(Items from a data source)
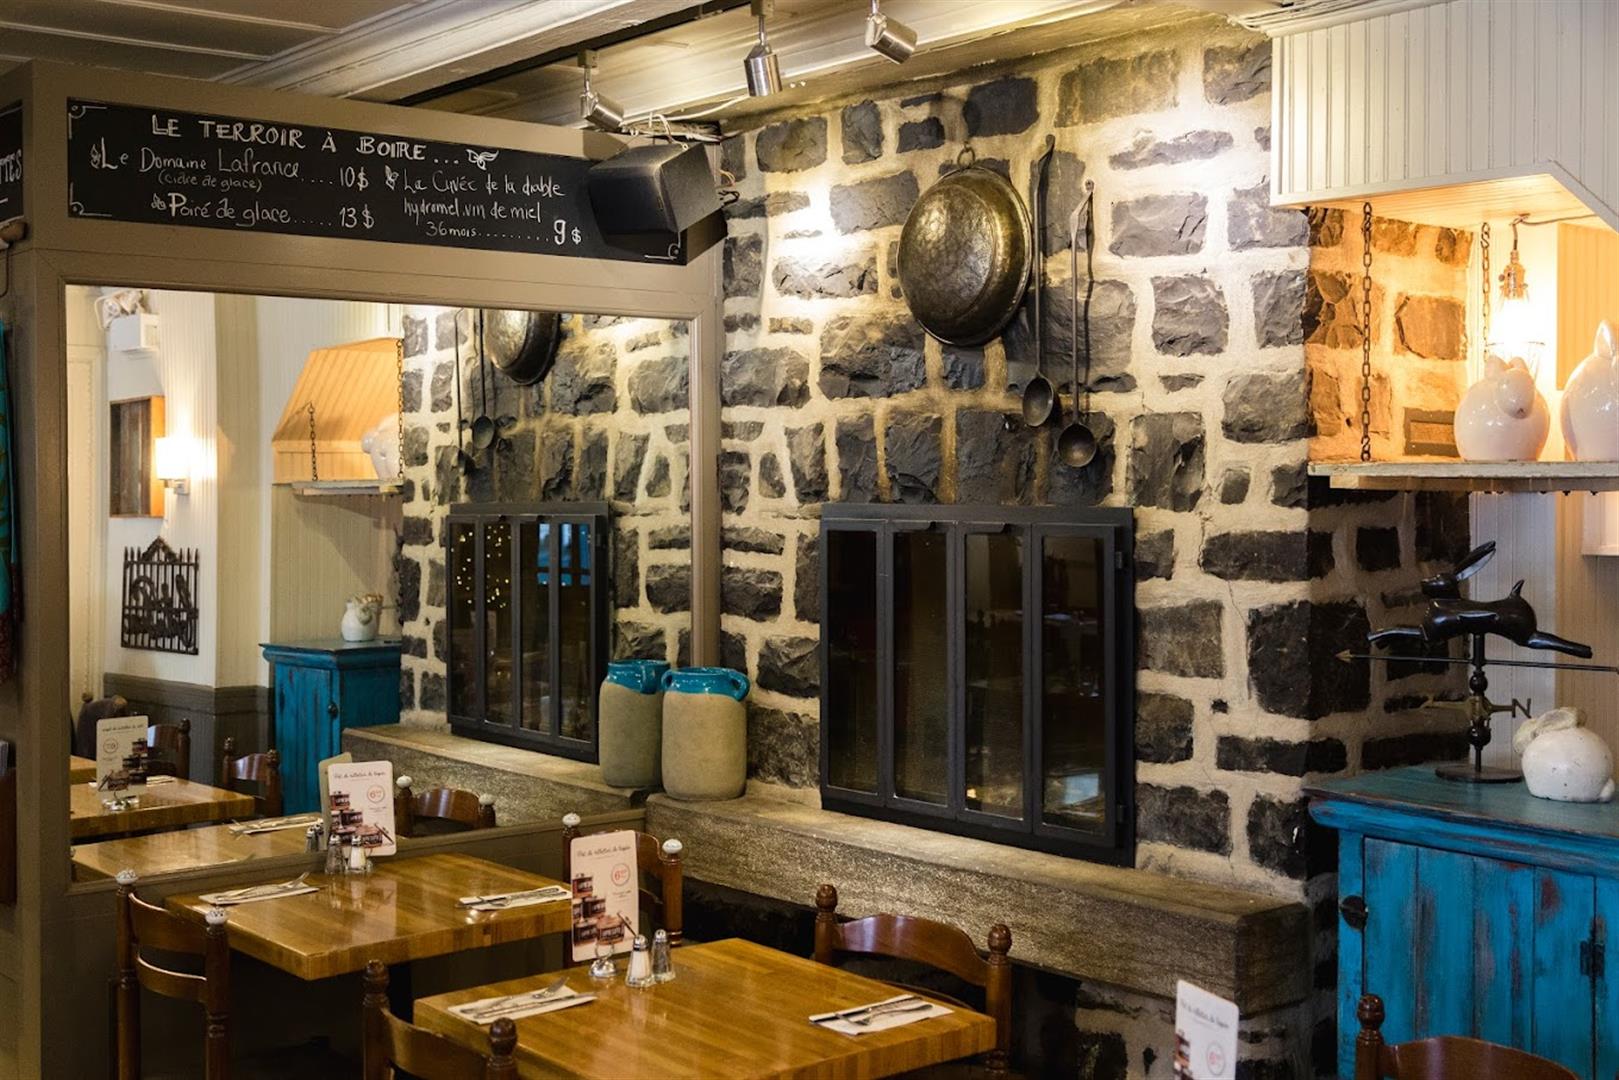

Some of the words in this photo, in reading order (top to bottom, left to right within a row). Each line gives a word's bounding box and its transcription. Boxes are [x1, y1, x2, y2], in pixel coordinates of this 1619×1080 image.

[151, 114, 181, 137] LE
[198, 120, 306, 149] TERROIR
[321, 131, 337, 153] À
[101, 137, 129, 170] Le
[139, 146, 207, 173] Domaine
[403, 168, 427, 194] La
[485, 173, 499, 195] de
[504, 174, 517, 194] la
[522, 175, 566, 198] diable
[167, 192, 212, 217] Poiré
[215, 197, 236, 219] de
[235, 200, 292, 228] glace
[489, 201, 508, 220] de
[510, 201, 542, 223] miel
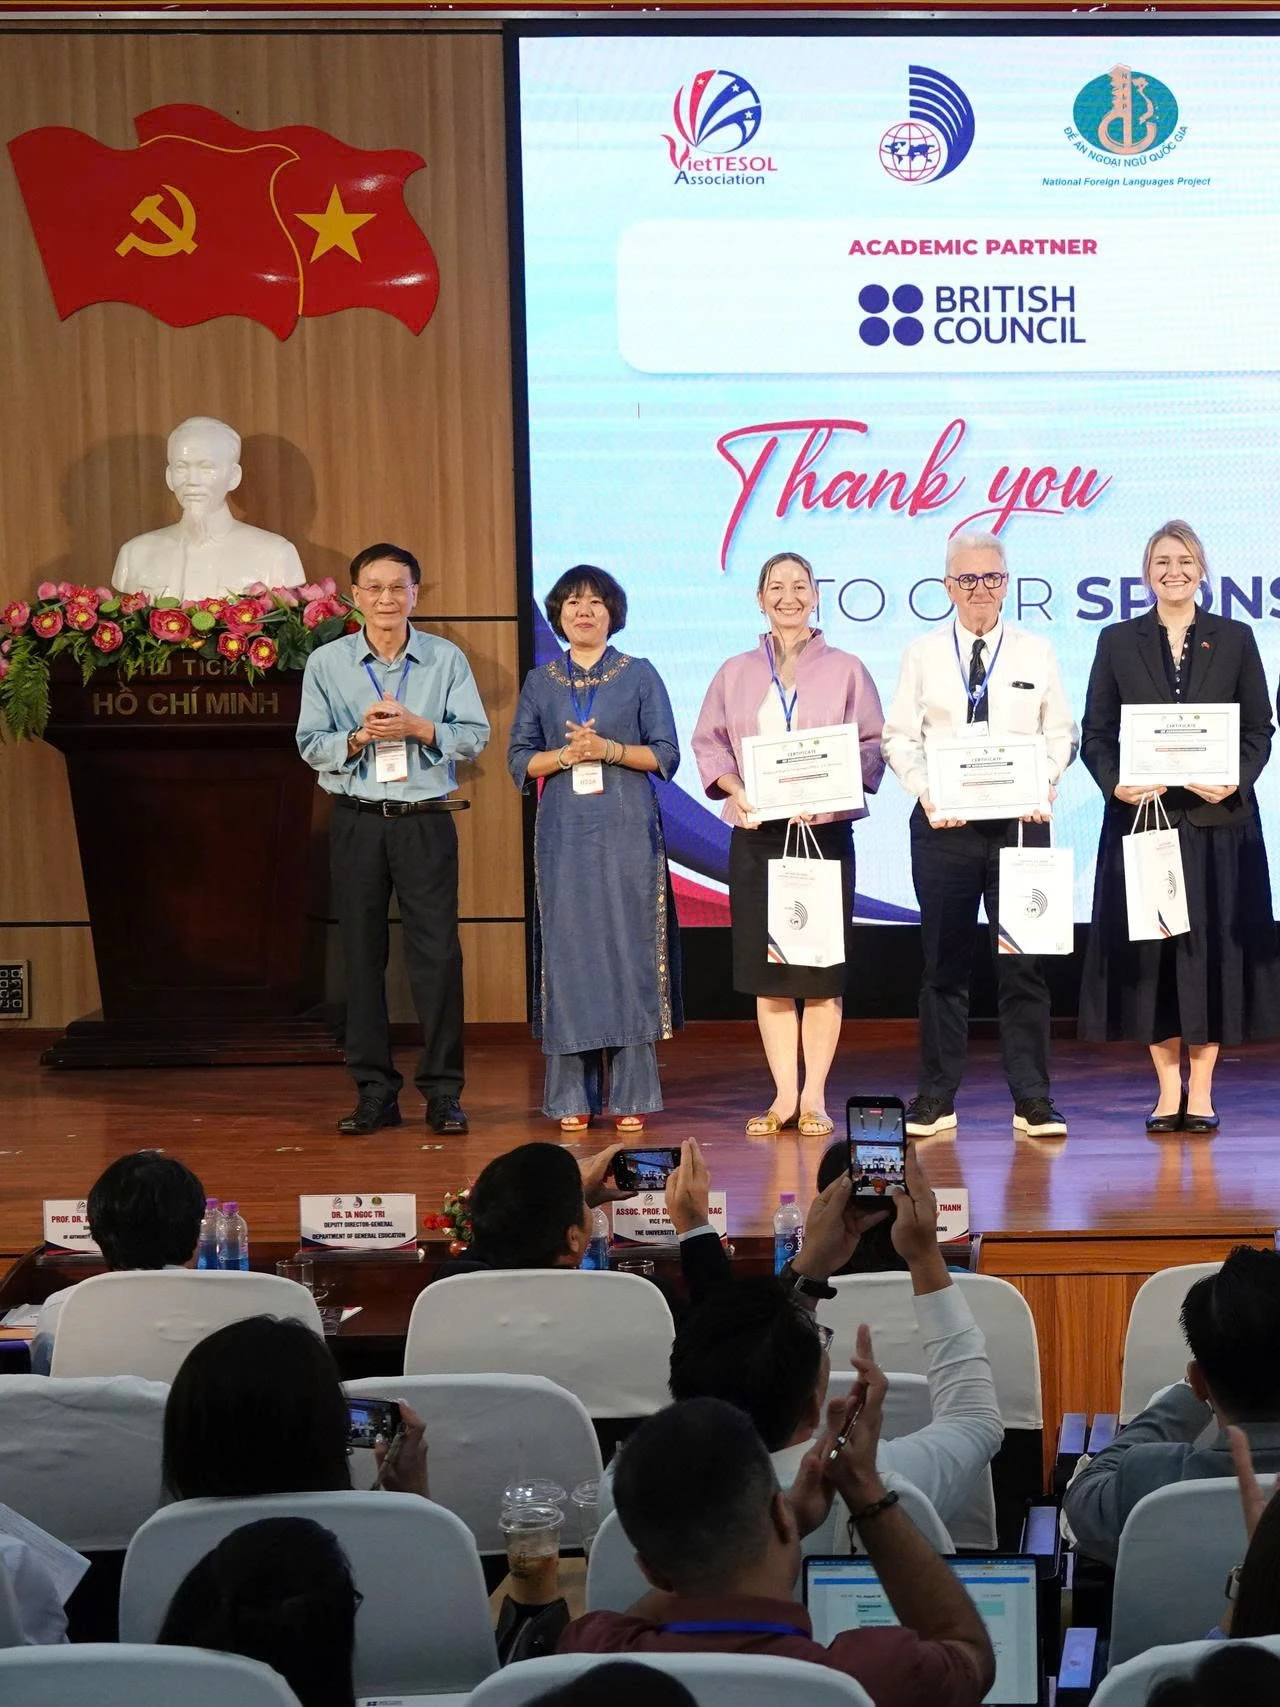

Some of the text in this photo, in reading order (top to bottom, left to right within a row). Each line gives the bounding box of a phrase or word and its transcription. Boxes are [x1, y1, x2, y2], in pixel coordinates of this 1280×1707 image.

[1174, 125, 1189, 143] GIA
[660, 134, 778, 171] VietTESOL
[674, 170, 765, 185] Association
[1042, 177, 1211, 188] National Foreign Languages Project
[848, 238, 1098, 256] ACADEMIC PARTNER
[935, 285, 1076, 313] BRITISH
[933, 316, 1087, 345] COUNCIL
[716, 418, 1113, 572] Thank you
[815, 577, 886, 622] TO
[908, 577, 1053, 622] OR
[93, 680, 279, 715] HỒ CHÍ MINH
[331, 1210, 386, 1219] DR. TA NGOC TRI
[616, 1208, 641, 1216] ASSOC.
[642, 1207, 661, 1216] PROF.
[939, 1204, 962, 1212] THANH
[51, 1215, 70, 1223] PROF.
[72, 1215, 83, 1223] DR.

▶ [Task directions]: Reproduce the data above in full, exactly as it is, with the pictures left out.

▶ [Answer space]:
Some of the words in this photo, in reading order (top to bottom, left to right within a row). Each line gives a word's bounding box and its transcription. Boxes are [x1, y1, x2, y2], in pixel coordinates of this 1619×1080 image.

[151, 114, 181, 137] LE
[198, 120, 306, 149] TERROIR
[321, 131, 337, 153] À
[101, 137, 129, 170] Le
[139, 146, 207, 173] Domaine
[403, 168, 427, 194] La
[485, 173, 499, 195] de
[504, 174, 517, 194] la
[522, 175, 566, 198] diable
[167, 192, 212, 217] Poiré
[215, 197, 236, 219] de
[235, 200, 292, 228] glace
[489, 201, 508, 220] de
[510, 201, 542, 223] miel

Some of the text in this photo, in reading order (top to bottom, left to right within a row). Each line gives the bounding box of a phrase or word and its transcription. Boxes are [x1, y1, x2, y2], in pixel coordinates of this 1280×1707 image.

[1174, 125, 1189, 143] GIA
[660, 134, 778, 171] VietTESOL
[674, 170, 765, 185] Association
[1042, 177, 1211, 188] National Foreign Languages Project
[848, 238, 1098, 256] ACADEMIC PARTNER
[935, 285, 1076, 313] BRITISH
[933, 316, 1087, 345] COUNCIL
[716, 418, 1113, 572] Thank you
[815, 577, 886, 622] TO
[908, 577, 1053, 622] OR
[93, 680, 279, 715] HỒ CHÍ MINH
[331, 1210, 386, 1219] DR. TA NGOC TRI
[616, 1208, 641, 1216] ASSOC.
[642, 1207, 661, 1216] PROF.
[939, 1204, 962, 1212] THANH
[51, 1215, 70, 1223] PROF.
[72, 1215, 83, 1223] DR.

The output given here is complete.